Copy the data that appears below exactly. Drop the pictures.

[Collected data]

☆ ☆ ☆ ☆ ☆

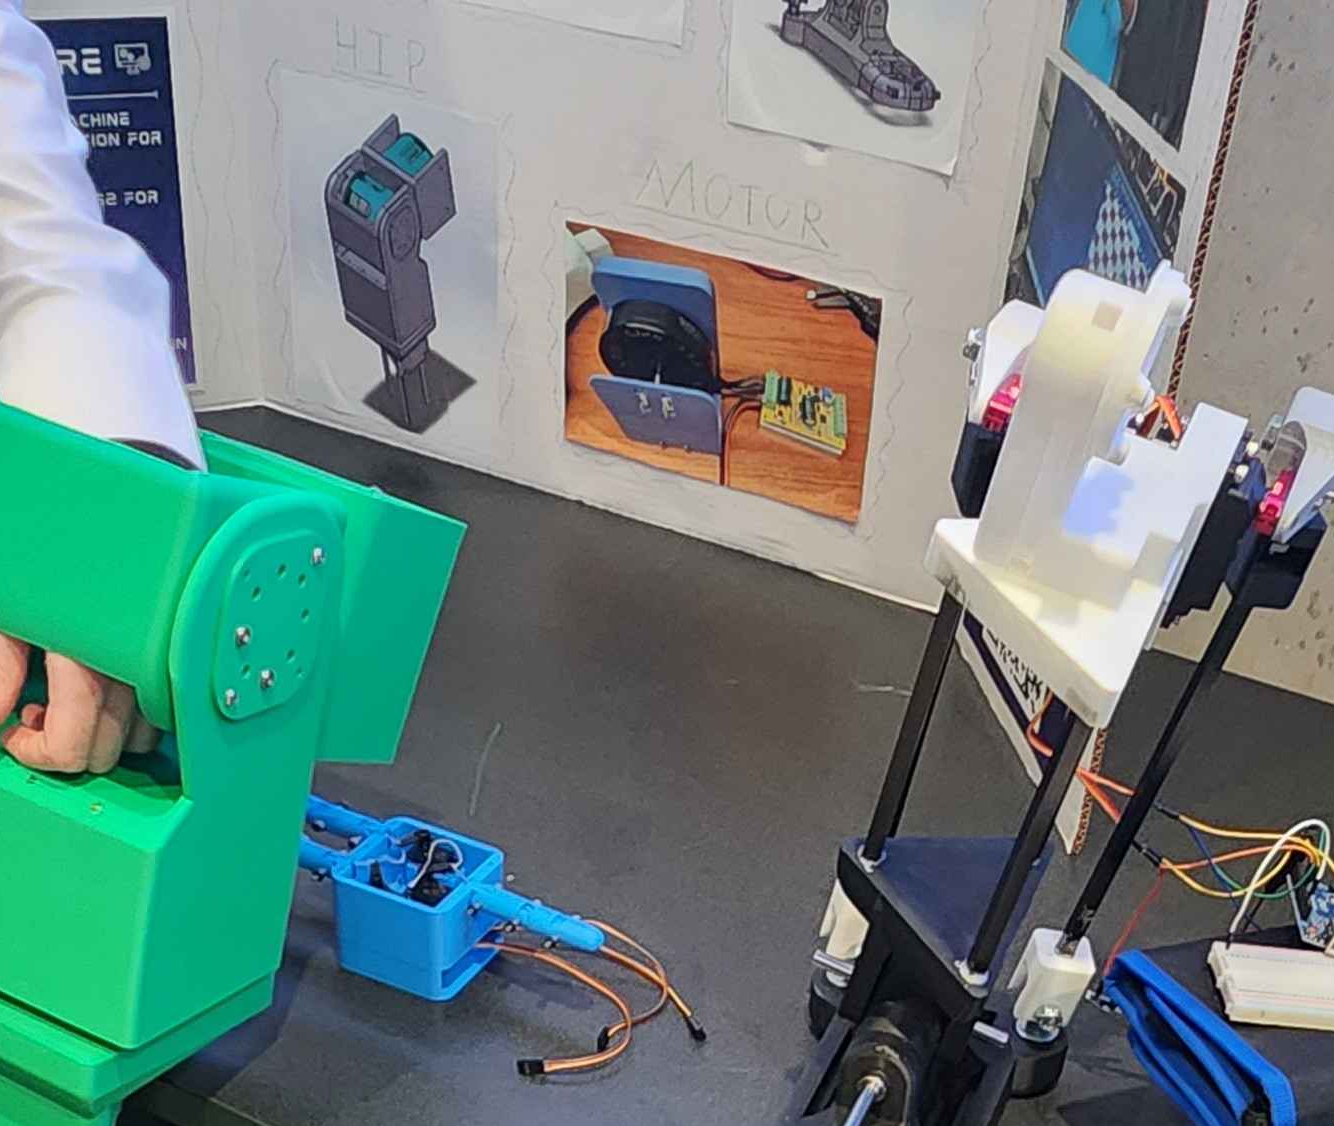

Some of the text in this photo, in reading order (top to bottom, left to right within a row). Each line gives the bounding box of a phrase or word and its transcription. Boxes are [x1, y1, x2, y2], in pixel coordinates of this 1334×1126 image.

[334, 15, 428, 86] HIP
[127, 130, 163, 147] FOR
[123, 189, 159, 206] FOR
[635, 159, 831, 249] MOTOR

☆ ☆ ☆ ☆ ☆

### WRITTEN SOLUTION
Some of the text in this photo, in reading order (top to bottom, left to right within a row). Each line gives the bounding box of a phrase or word and its transcription. Boxes are [x1, y1, x2, y2], in pixel coordinates of this 1334×1126 image.

[334, 15, 428, 86] HIP
[127, 130, 163, 147] FOR
[123, 189, 159, 206] FOR
[635, 159, 831, 249] MOTOR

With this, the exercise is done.